▸ **Image-backed grounding data**
- - -

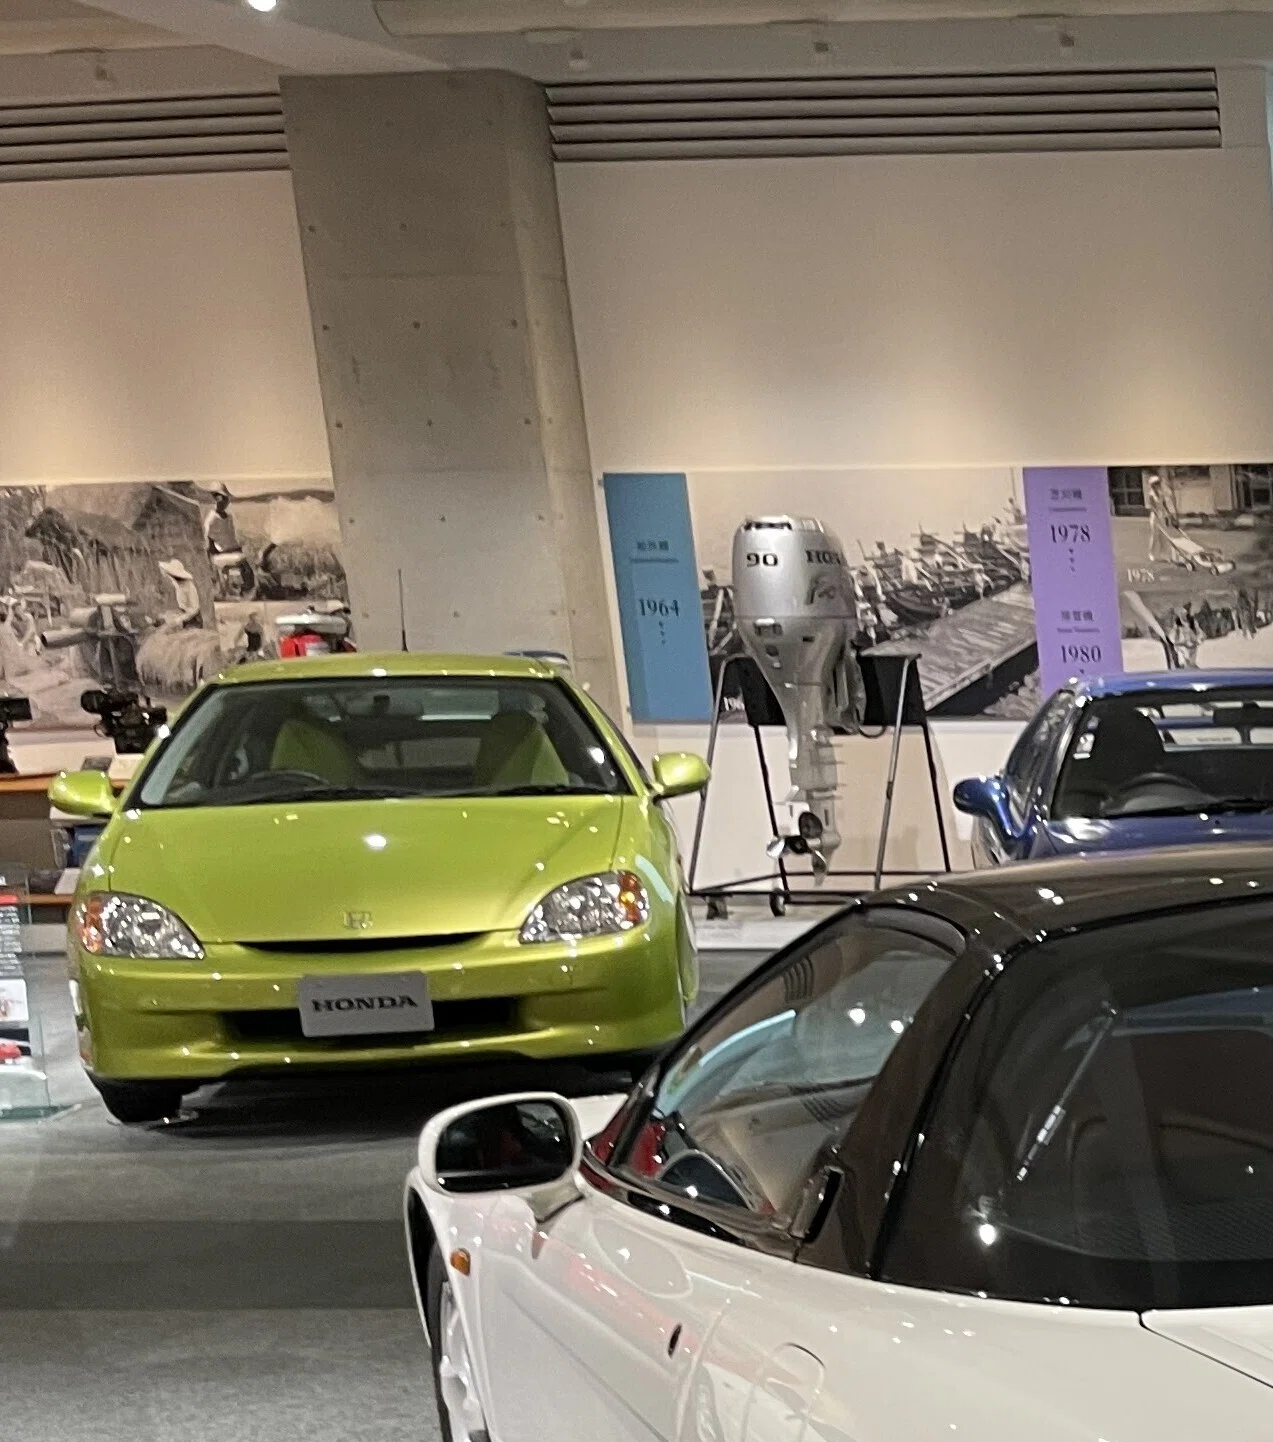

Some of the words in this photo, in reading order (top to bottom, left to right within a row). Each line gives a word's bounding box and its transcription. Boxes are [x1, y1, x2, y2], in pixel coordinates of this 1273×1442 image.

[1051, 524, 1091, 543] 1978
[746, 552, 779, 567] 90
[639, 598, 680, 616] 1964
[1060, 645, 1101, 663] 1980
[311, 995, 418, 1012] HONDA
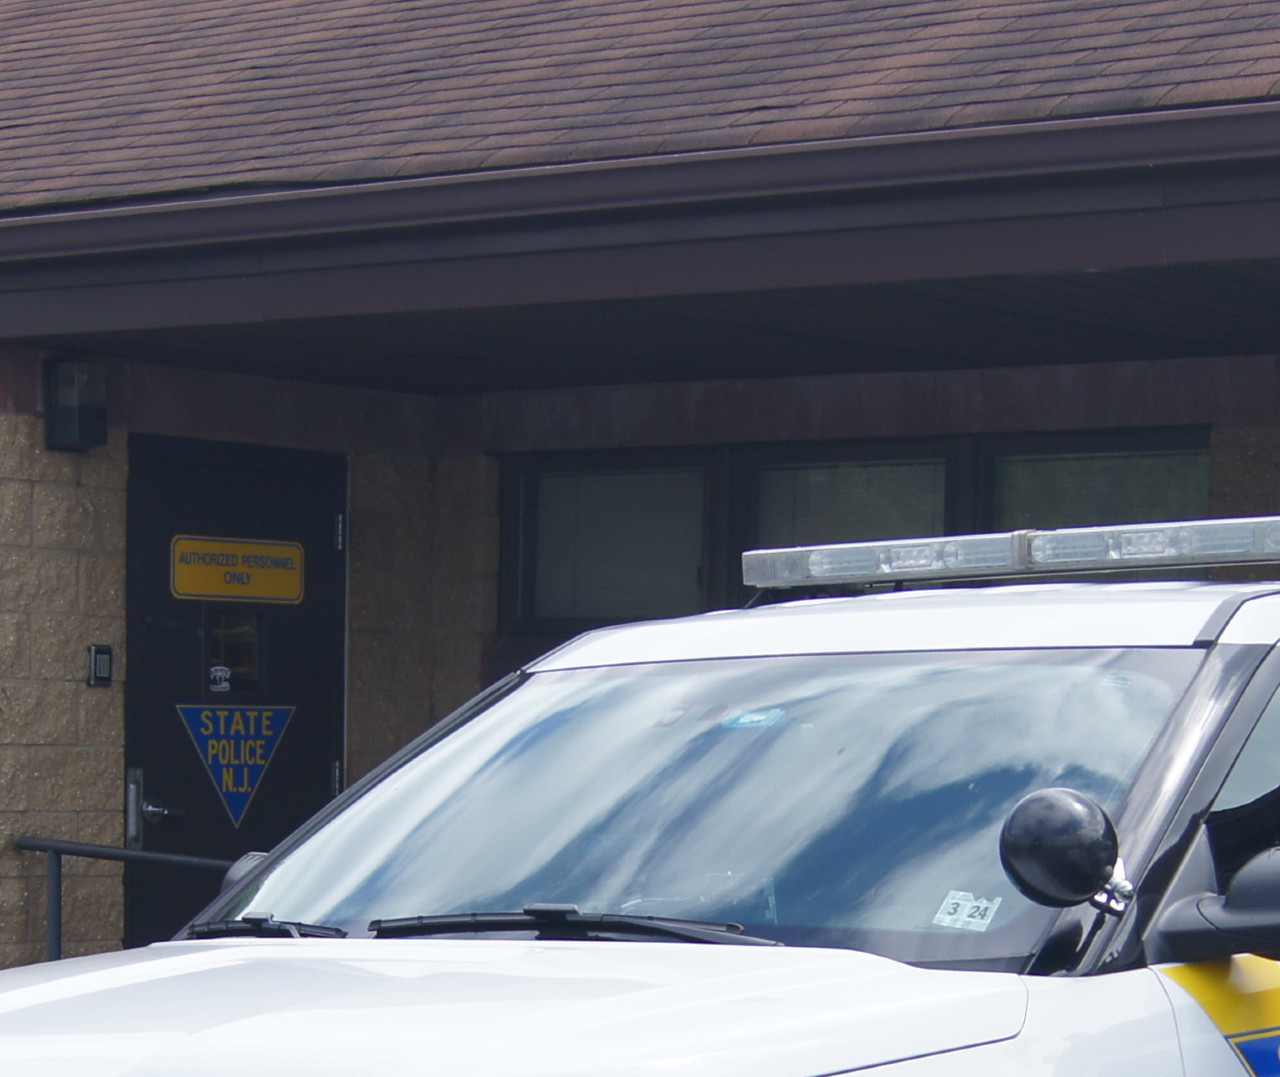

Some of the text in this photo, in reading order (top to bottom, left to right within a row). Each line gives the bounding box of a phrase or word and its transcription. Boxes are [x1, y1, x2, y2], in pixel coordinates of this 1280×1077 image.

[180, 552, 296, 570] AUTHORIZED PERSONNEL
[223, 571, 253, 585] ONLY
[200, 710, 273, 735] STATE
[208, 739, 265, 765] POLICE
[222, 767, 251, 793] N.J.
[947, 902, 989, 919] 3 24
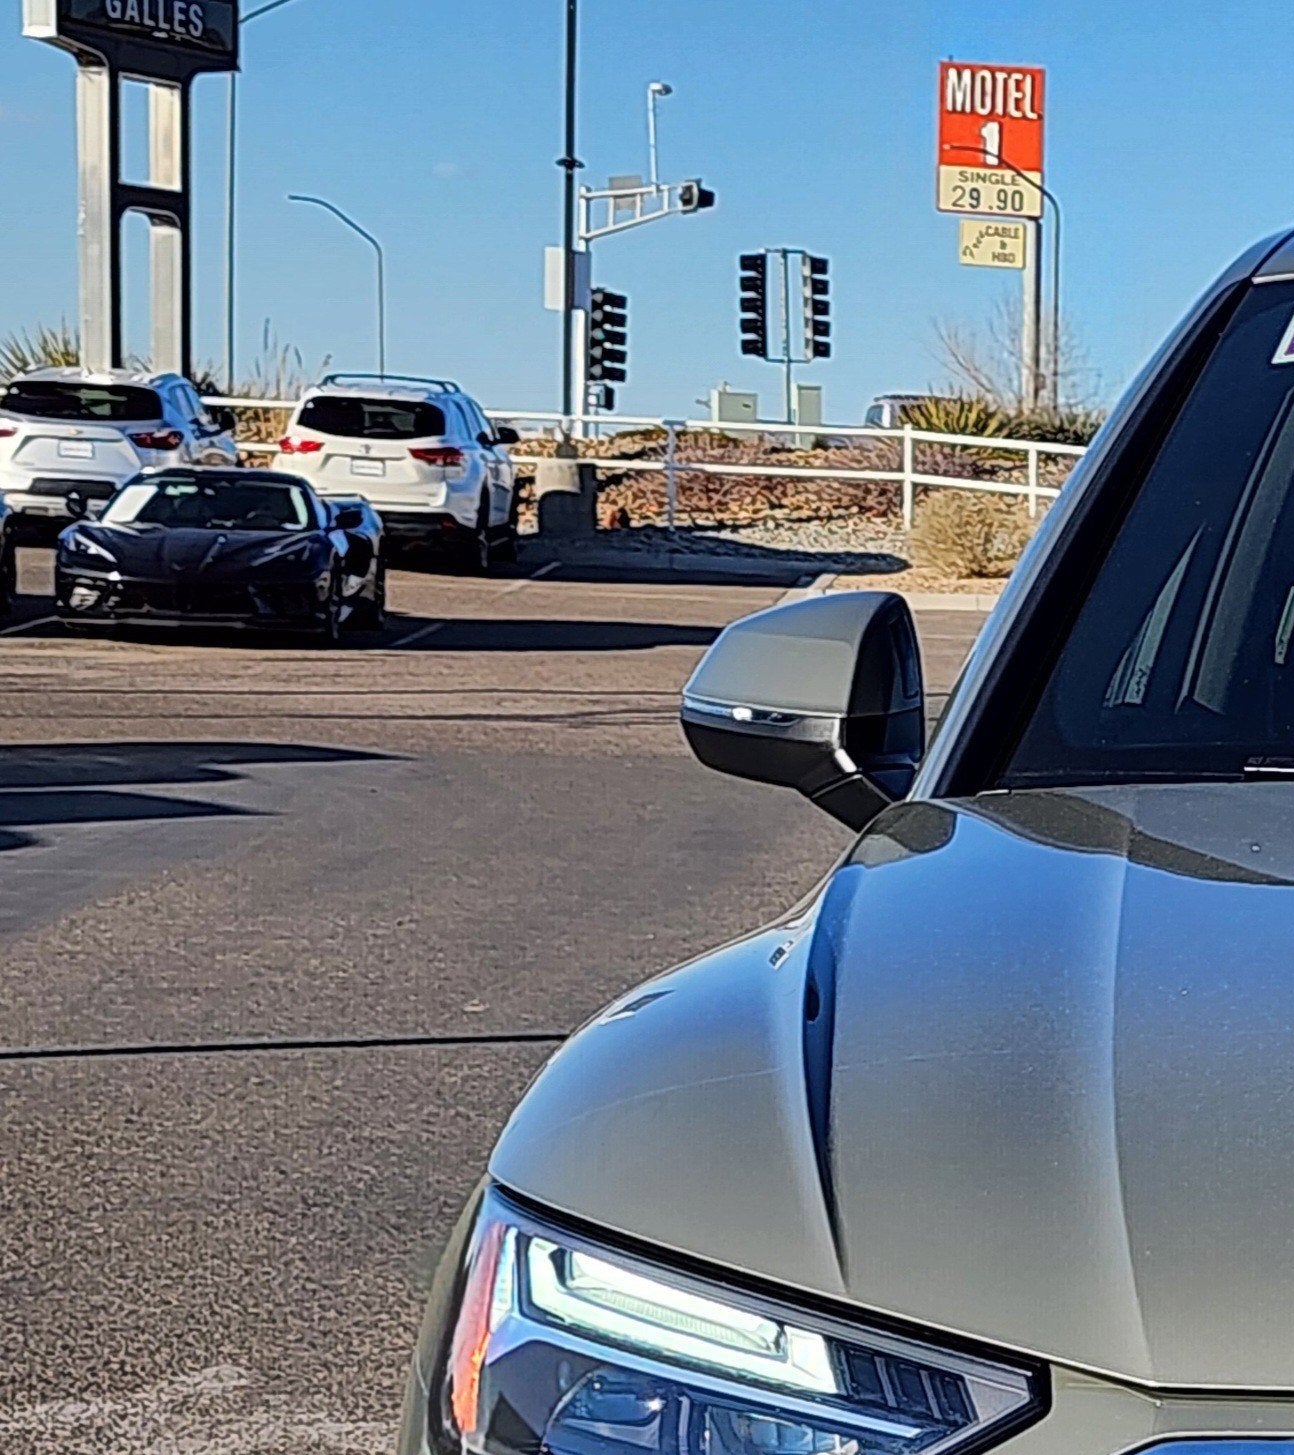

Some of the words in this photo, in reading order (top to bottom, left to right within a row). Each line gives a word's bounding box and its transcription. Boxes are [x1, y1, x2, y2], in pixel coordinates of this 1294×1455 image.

- - -

Repeat the records in full and exactly, leaving every picture out.

Some of the words in this photo, in reading order (top to bottom, left to right within a row). Each line gives a word's bounding box and its transcription. Boxes are [x1, y1, x2, y2], in pixel coordinates of this 1273×1442 image.

[1051, 524, 1091, 543] 1978
[746, 552, 779, 567] 90
[639, 598, 680, 616] 1964
[1060, 645, 1101, 663] 1980
[311, 995, 418, 1012] HONDA

Some of the text in this photo, in reading order (top to bottom, left to right within a row). Each line gives the bounding box of a phrase or word and its transcription. Boxes are [x1, y1, x2, y2], in pixel coordinates of this 1280×1077 image.

[180, 552, 296, 570] AUTHORIZED PERSONNEL
[223, 571, 253, 585] ONLY
[200, 710, 273, 735] STATE
[208, 739, 265, 765] POLICE
[222, 767, 251, 793] N.J.
[947, 902, 989, 919] 3 24

Some of the words in this photo, in reading order (top to bottom, left to right within a row). Each line gives a word's bounding box and its transcription. Boxes are [x1, y1, x2, y2], in pixel coordinates of this 1294×1455 image.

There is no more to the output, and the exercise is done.